Hsa_circ_0000467 promotes cancer progression and serves as a diagnostic and prognostic biomarker for gastric cancer

Background Emerging evidence indicates that dysregulation of circular RNAs (circRNAs) is implicated in the development of malignancies. However, the diagnostic value and functional role of circRNAs in gastric cancer (GC) remain largely elusive. Methods Quantitative reverse transcription‐polymerase chain reaction (qRT‐PCR) was performed to detect the expression of hsa_circ_0000467 in tissues, cell lines, and plasma.

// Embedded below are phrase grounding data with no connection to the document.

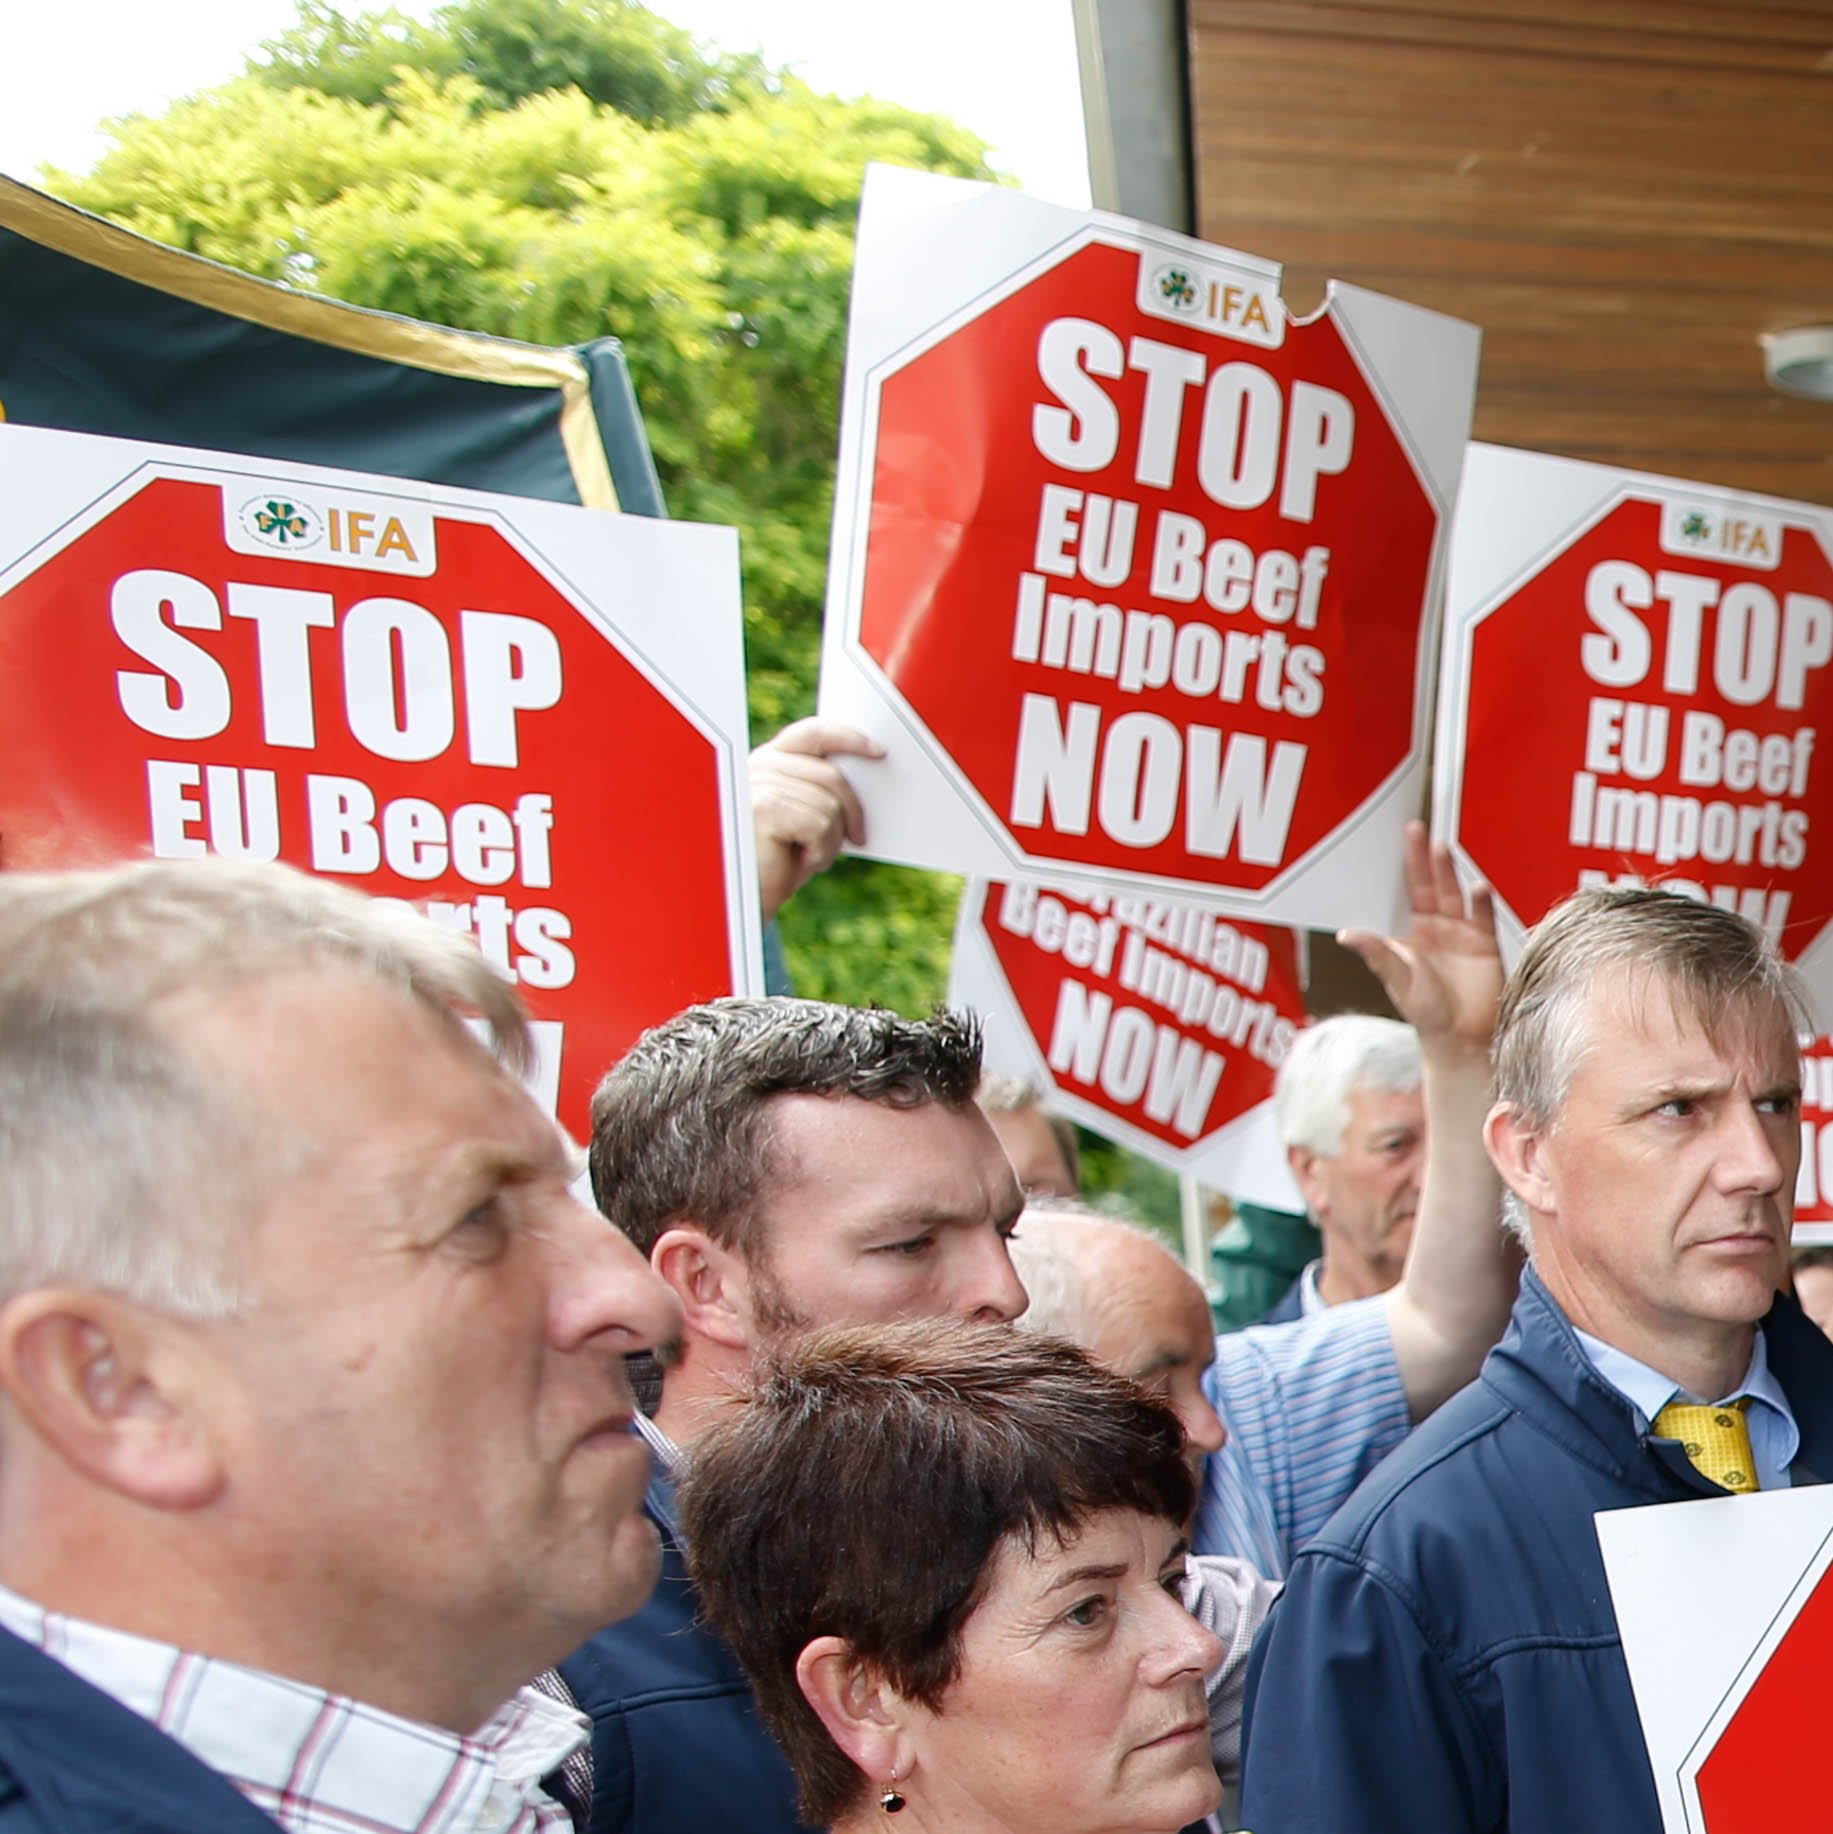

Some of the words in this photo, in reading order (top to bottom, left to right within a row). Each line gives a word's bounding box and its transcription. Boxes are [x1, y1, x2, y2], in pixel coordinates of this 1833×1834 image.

[1208, 284, 1271, 333] IFA
[1032, 316, 1355, 523] STOP
[328, 508, 419, 562] IFA
[1034, 483, 1139, 587] EU
[1150, 511, 1330, 629] Beef
[1721, 518, 1770, 556] IFA
[110, 568, 563, 768] STOP
[1011, 572, 1324, 718] Imports
[1010, 693, 1308, 867] NOW
[1585, 696, 1670, 779] EU
[1680, 710, 1816, 796] Beef
[146, 759, 281, 863] EU
[305, 773, 553, 889] Beef
[1569, 771, 1809, 870] Imports
[1050, 978, 1225, 1138] NOW
[1119, 927, 1297, 1070] Imports
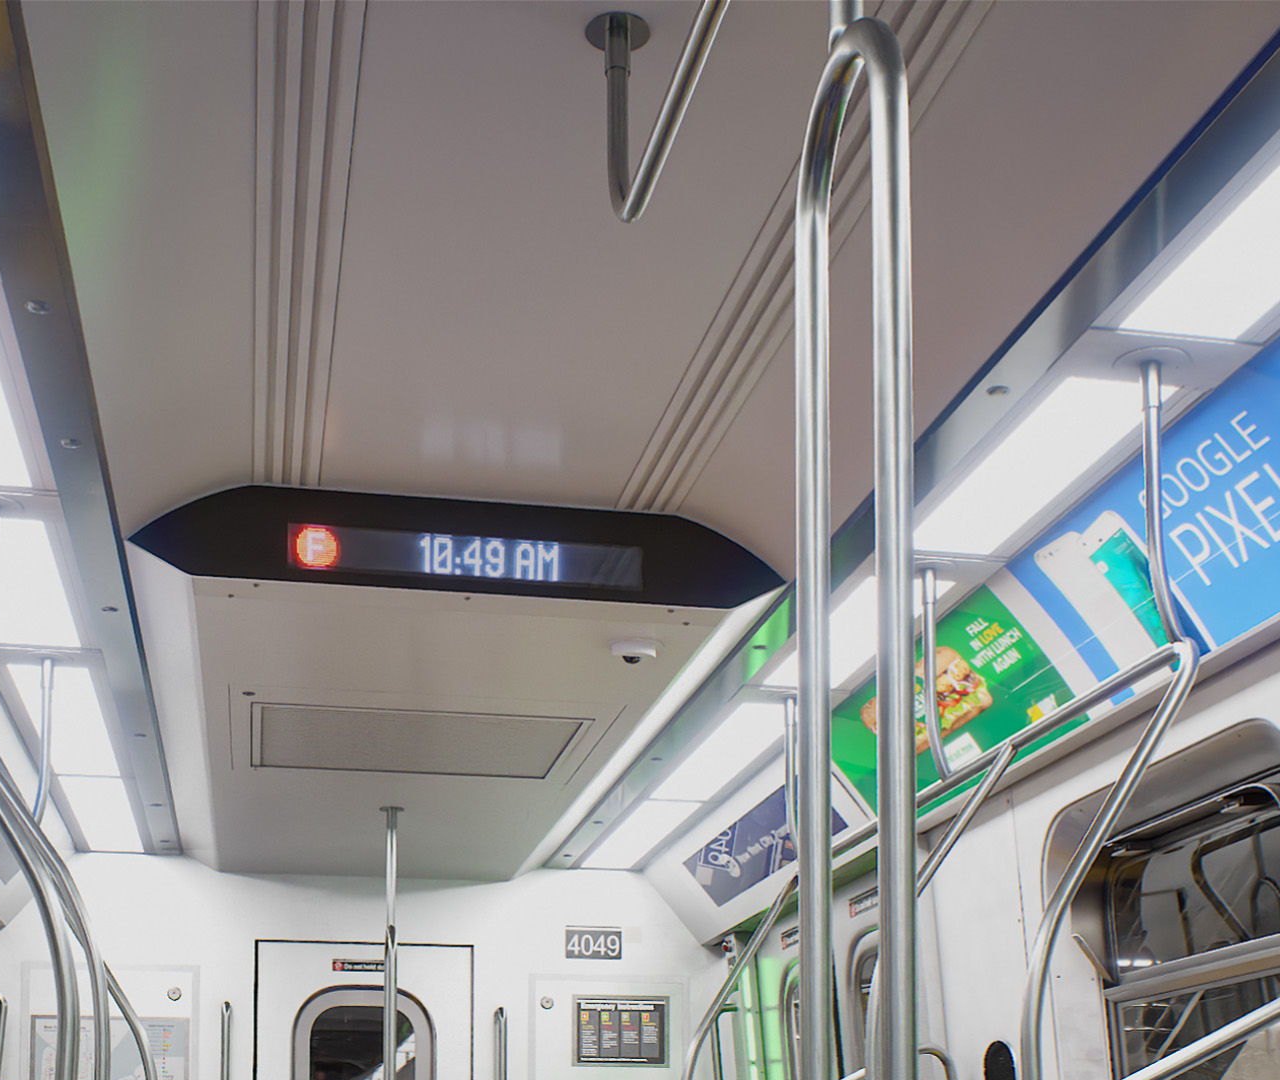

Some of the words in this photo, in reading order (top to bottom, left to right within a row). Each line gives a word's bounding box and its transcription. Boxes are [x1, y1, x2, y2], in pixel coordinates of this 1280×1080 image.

[307, 530, 327, 563] F
[419, 533, 505, 578] 10:49
[516, 540, 559, 581] AM
[966, 618, 989, 637] FALL
[969, 638, 984, 651] IN
[978, 622, 1004, 645] LOVE
[969, 647, 997, 669] WITH
[990, 627, 1023, 655] LUNCH
[992, 647, 1022, 674] AGAIN
[567, 934, 620, 956] 4049

A receiver operating characteristic (ROC) curve was constructed to estimate the diagnostic value of hsa_circ_0000467. The association between the expression level of hsa_circ_0000467 and the clinicopathological features was analyzed. Moreover, cell functional assays were performed. Results Hsa_circ_0000467 was significantly upregulated in GC tissue compared to adjacent nontumor tissue (n = 51, P  < 0.05). Similar results were detected in the HGC‐27, MGC‐803, AGS, NUGC‐3, GES‐1 cell lines (n = 15, P  < 0.001), and in the plasma samples from GC patients (n = 20, P  < 0.05). The area under the ROC curve of hsa_circ_0000467 was 0.790, which is superior to commonly used biomarkers including CEA and CA‐724. We found that the expression levels of hsa_circ_0000467 in the same patient were significantly lower after surgery (n = 20, P  < 0.05). Moreover, the hsa_circ_0000467 expression level is closely associated with TNM stage. Additionally, Cox multivariate analysis showed that hsa_circ_0000467 is a novel independent prognostic factor. Furthermore, in vitro experiments demonstrated that knockdown of hsa_circ_0000467 markedly inhibited the proliferation, migration, and invasion of GC cells. Moreover, hsa_circ_0000467 silencing increased tumor apoptosis in vitro. Conclusion Hsa_circ_0000467 can act as a novel noninvasive biomarker for the diagnosis and prognosis of GC and may be a potential therapeutic target for GC.